→ TASK REQUIREMENTS
Leaving out the pictures, write the following records exactly as they read.

↓

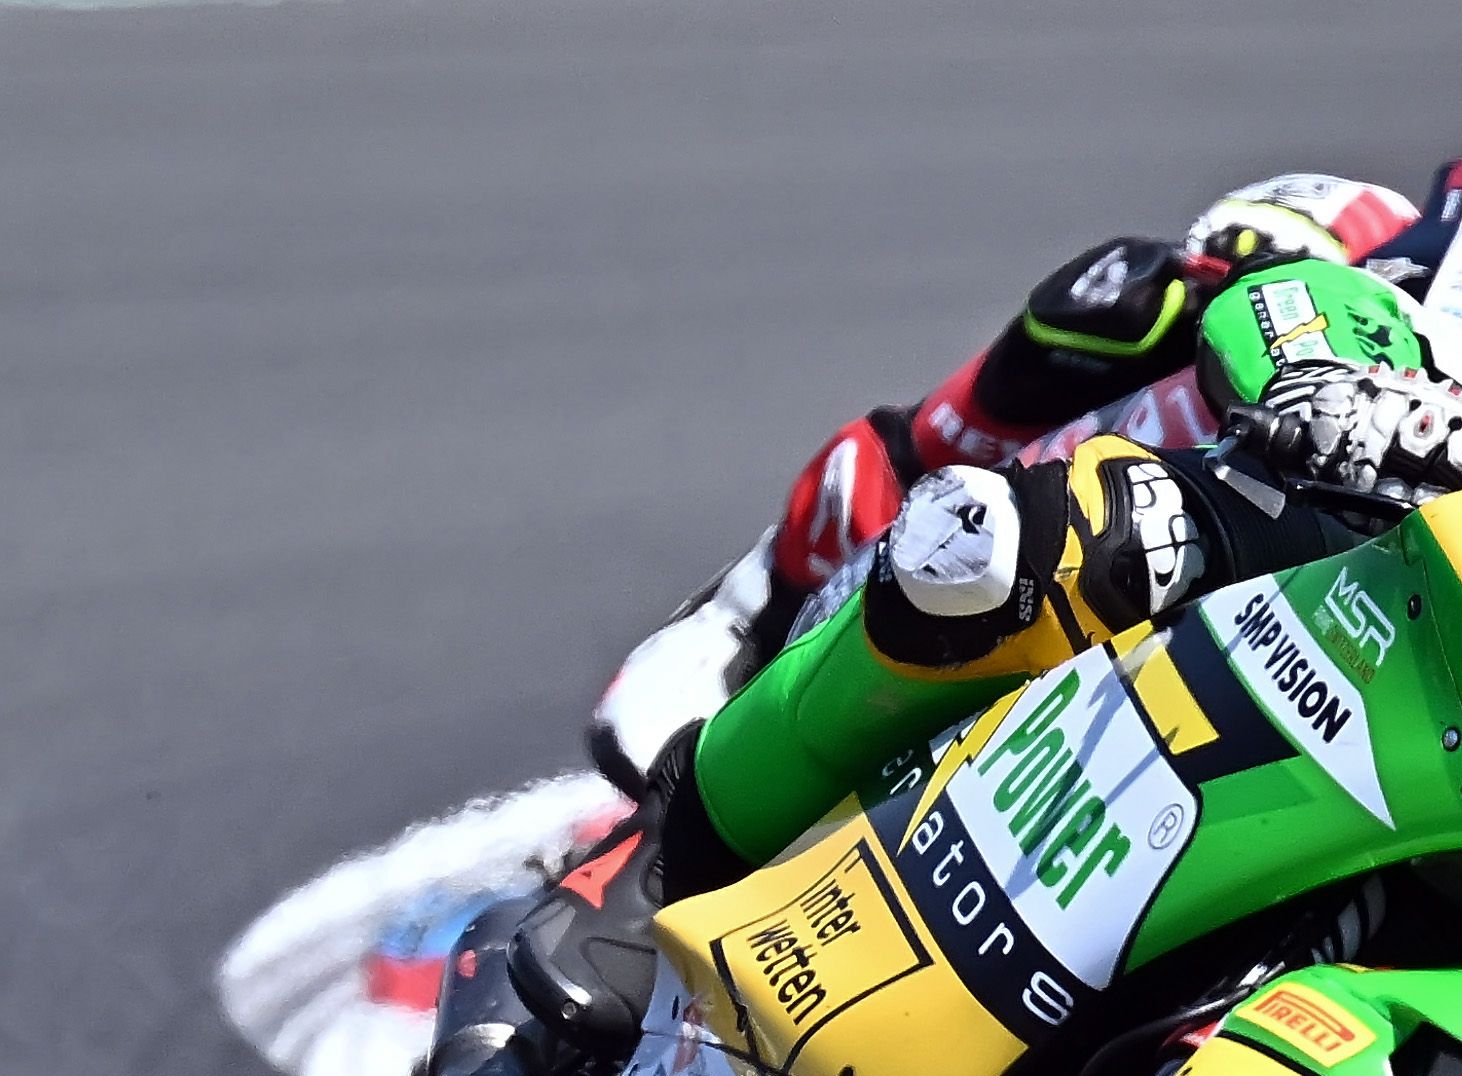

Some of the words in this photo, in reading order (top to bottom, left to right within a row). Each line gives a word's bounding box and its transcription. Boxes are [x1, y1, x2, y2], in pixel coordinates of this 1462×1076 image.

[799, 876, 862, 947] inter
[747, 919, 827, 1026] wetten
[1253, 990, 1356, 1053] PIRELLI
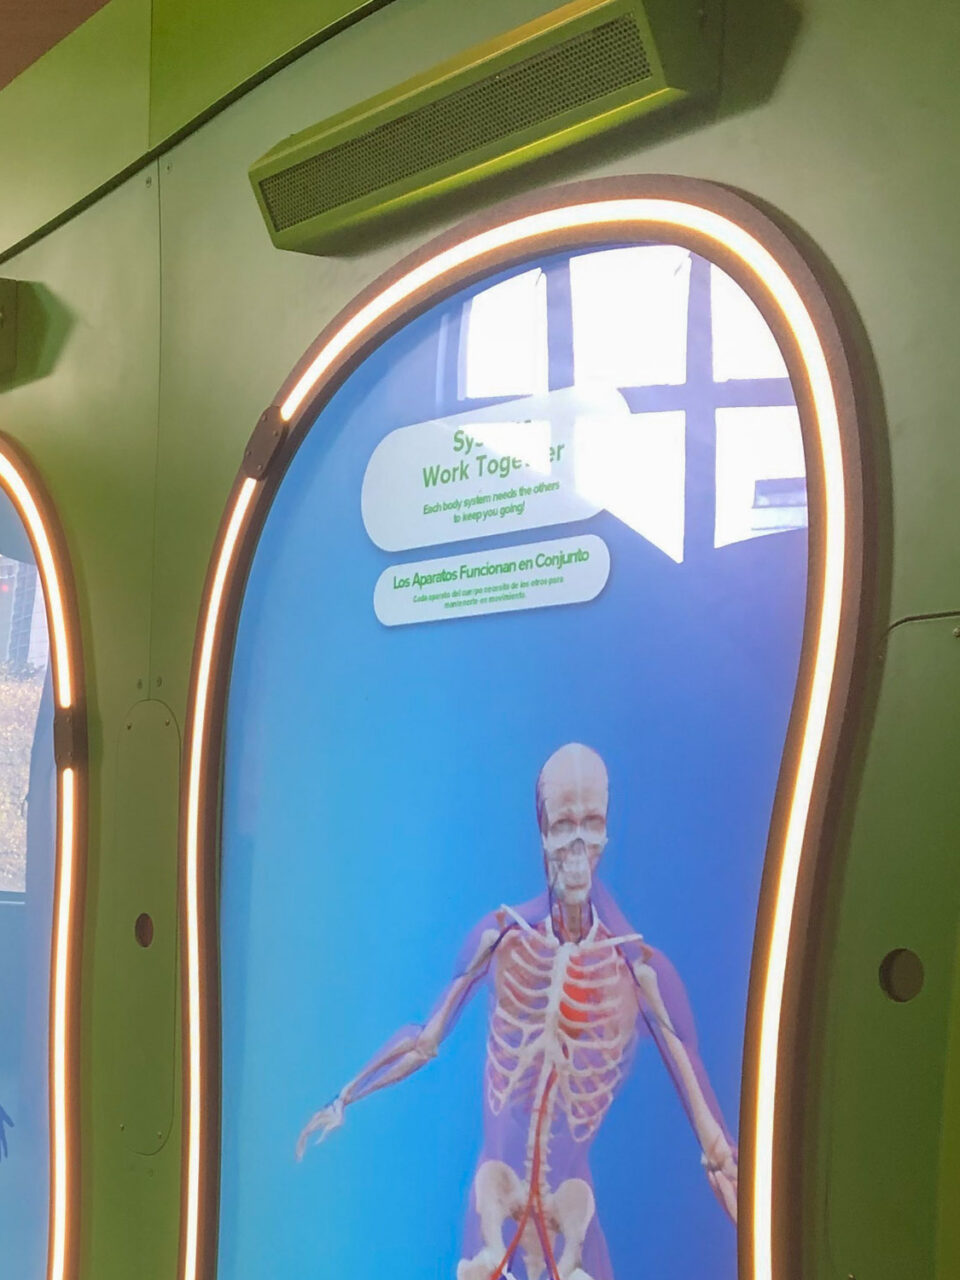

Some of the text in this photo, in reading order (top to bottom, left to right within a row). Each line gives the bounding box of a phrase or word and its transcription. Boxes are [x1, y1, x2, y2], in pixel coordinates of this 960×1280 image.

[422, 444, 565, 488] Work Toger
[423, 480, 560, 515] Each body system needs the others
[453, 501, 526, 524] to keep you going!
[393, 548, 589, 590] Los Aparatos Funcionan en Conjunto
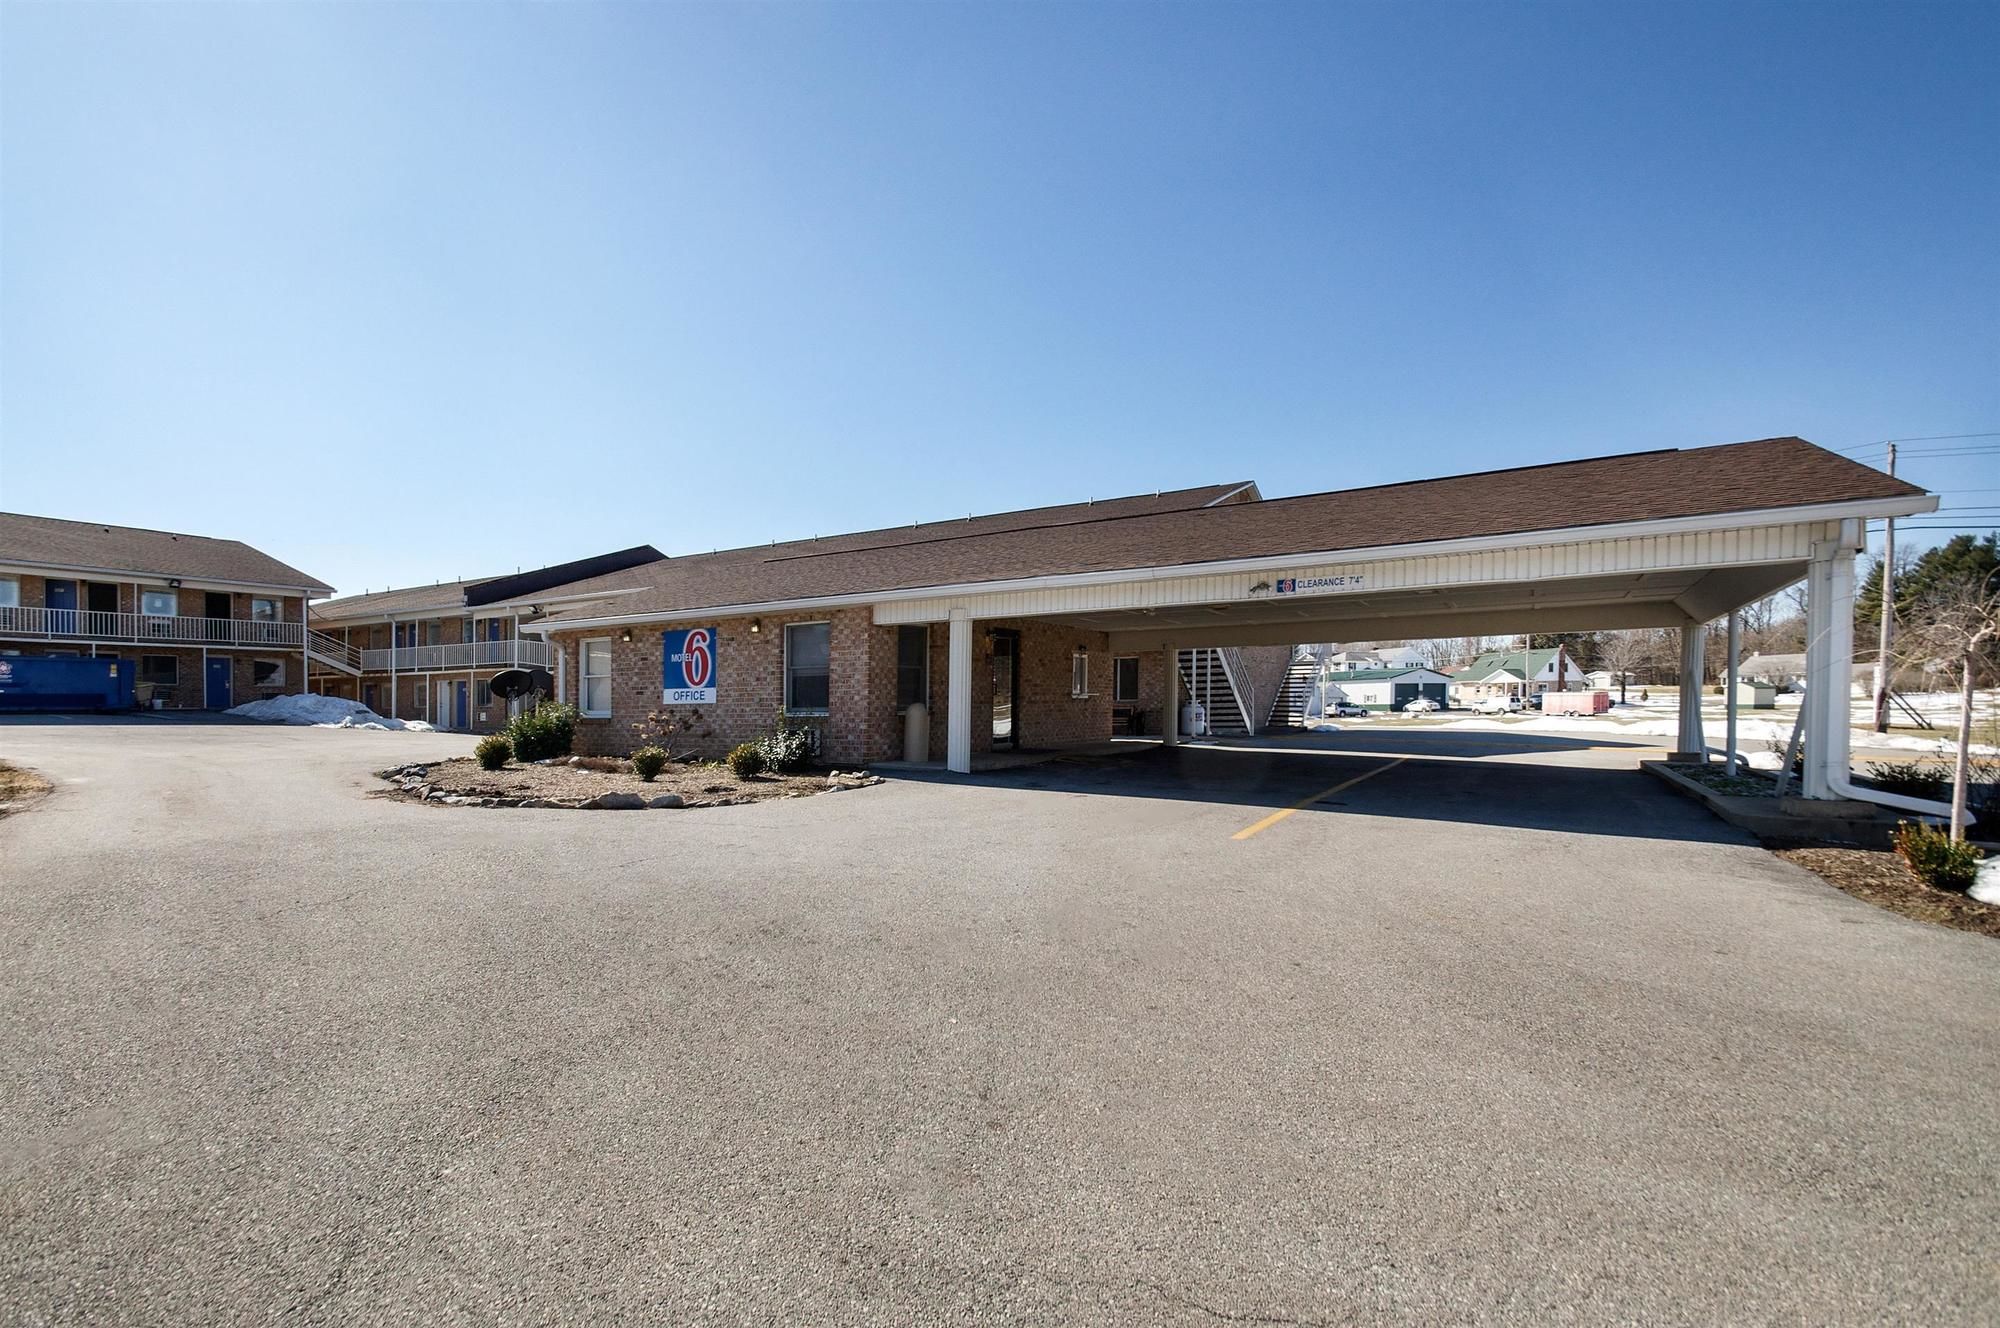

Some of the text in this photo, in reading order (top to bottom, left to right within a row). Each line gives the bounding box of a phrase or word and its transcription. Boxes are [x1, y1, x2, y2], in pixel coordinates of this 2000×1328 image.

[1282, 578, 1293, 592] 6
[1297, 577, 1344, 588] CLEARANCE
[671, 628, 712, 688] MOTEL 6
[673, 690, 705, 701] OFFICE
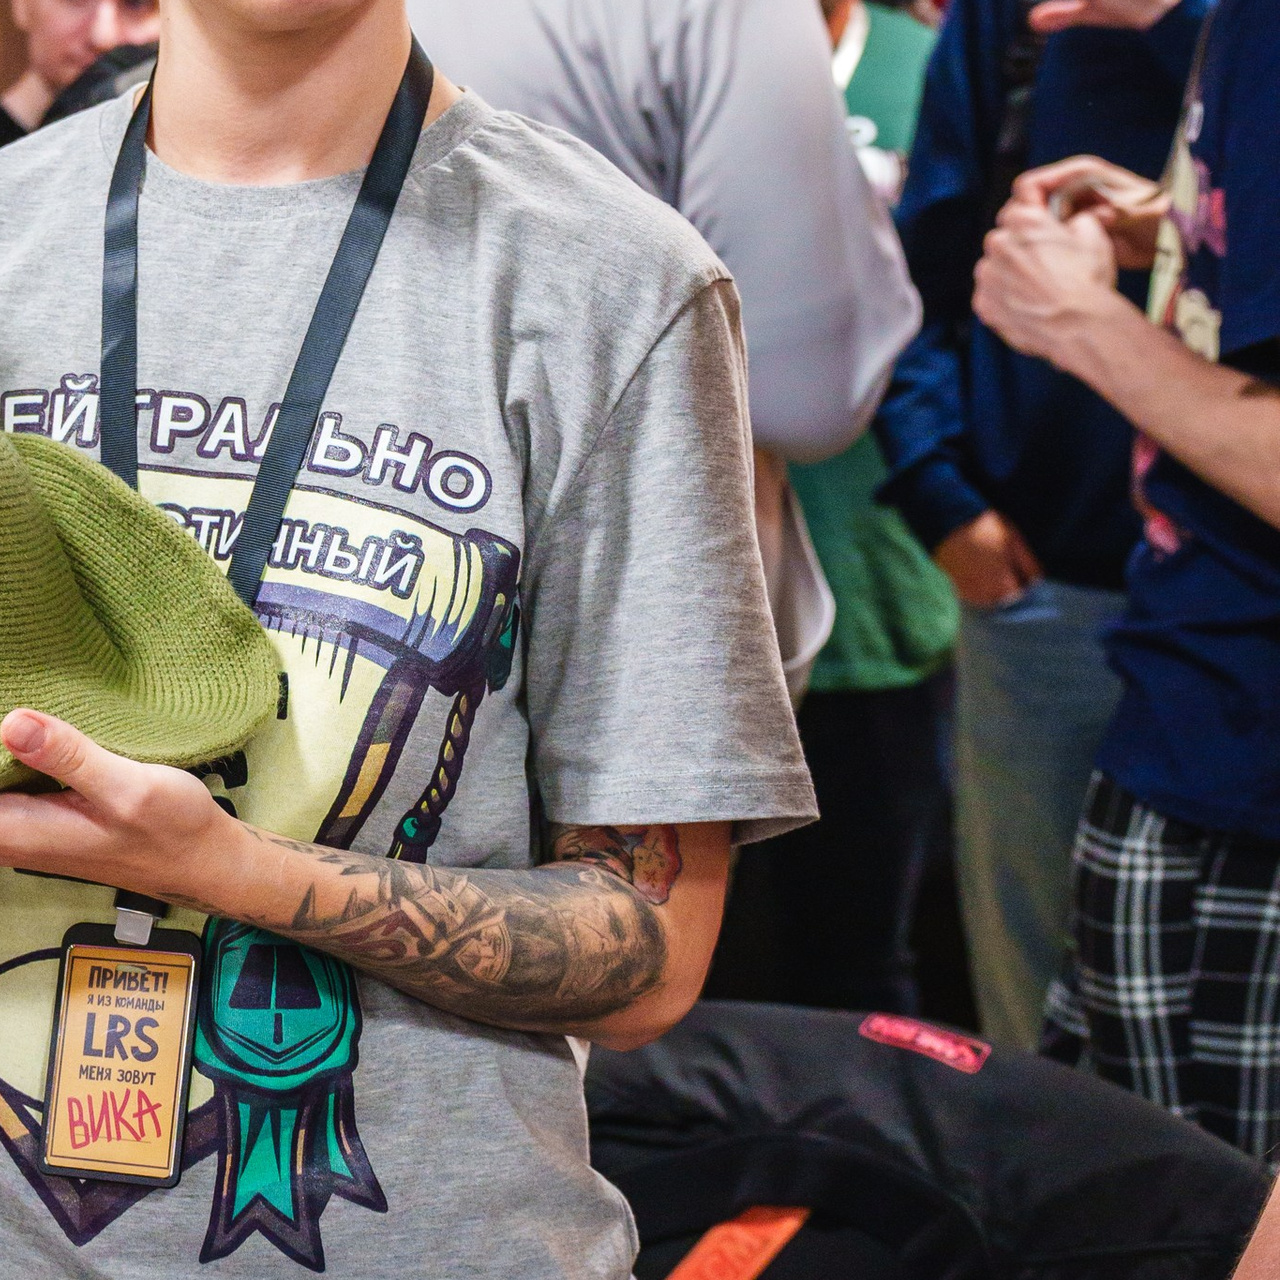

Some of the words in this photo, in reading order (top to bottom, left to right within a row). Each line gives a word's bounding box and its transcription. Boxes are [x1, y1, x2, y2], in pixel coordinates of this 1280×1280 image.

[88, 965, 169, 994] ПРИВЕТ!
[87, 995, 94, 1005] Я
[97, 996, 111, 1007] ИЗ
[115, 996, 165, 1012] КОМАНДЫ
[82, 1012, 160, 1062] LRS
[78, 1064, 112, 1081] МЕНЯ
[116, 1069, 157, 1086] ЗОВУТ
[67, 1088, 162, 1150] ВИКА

↑

→ FINISHED EXERCISE
Some of the words in this photo, in reading order (top to bottom, left to right within a row). Each line gives a word's bounding box and its transcription. Boxes are [x1, y1, x2, y2], in pixel coordinates of this 1462×1076 image.

[799, 876, 862, 947] inter
[747, 919, 827, 1026] wetten
[1253, 990, 1356, 1053] PIRELLI

Some of the text in this photo, in reading order (top to bottom, left to right within a row). Each line gives the bounding box of a phrase or word and its transcription. Boxes are [x1, y1, x2, y2], in pixel coordinates of this 960×1280 image.

[422, 444, 565, 488] Work Toger
[423, 480, 560, 515] Each body system needs the others
[453, 501, 526, 524] to keep you going!
[393, 548, 589, 590] Los Aparatos Funcionan en Conjunto

Some of the text in this photo, in reading order (top to bottom, left to right within a row). Each line gives the bounding box of a phrase or word and its transcription. Boxes are [x1, y1, x2, y2], in pixel coordinates of this 2000×1328 image.

[1282, 578, 1293, 592] 6
[1297, 577, 1344, 588] CLEARANCE
[671, 628, 712, 688] MOTEL 6
[673, 690, 705, 701] OFFICE

Some of the words in this photo, in reading order (top to bottom, left to right within a row). Each line gives a word's bounding box and its transcription. Boxes are [x1, y1, x2, y2], in pixel coordinates of this 1280×1280 image.

[88, 965, 169, 994] ПРИВЕТ!
[87, 995, 94, 1005] Я
[97, 996, 111, 1007] ИЗ
[115, 996, 165, 1012] КОМАНДЫ
[82, 1012, 160, 1062] LRS
[78, 1064, 112, 1081] МЕНЯ
[116, 1069, 157, 1086] ЗОВУТ
[67, 1088, 162, 1150] ВИКА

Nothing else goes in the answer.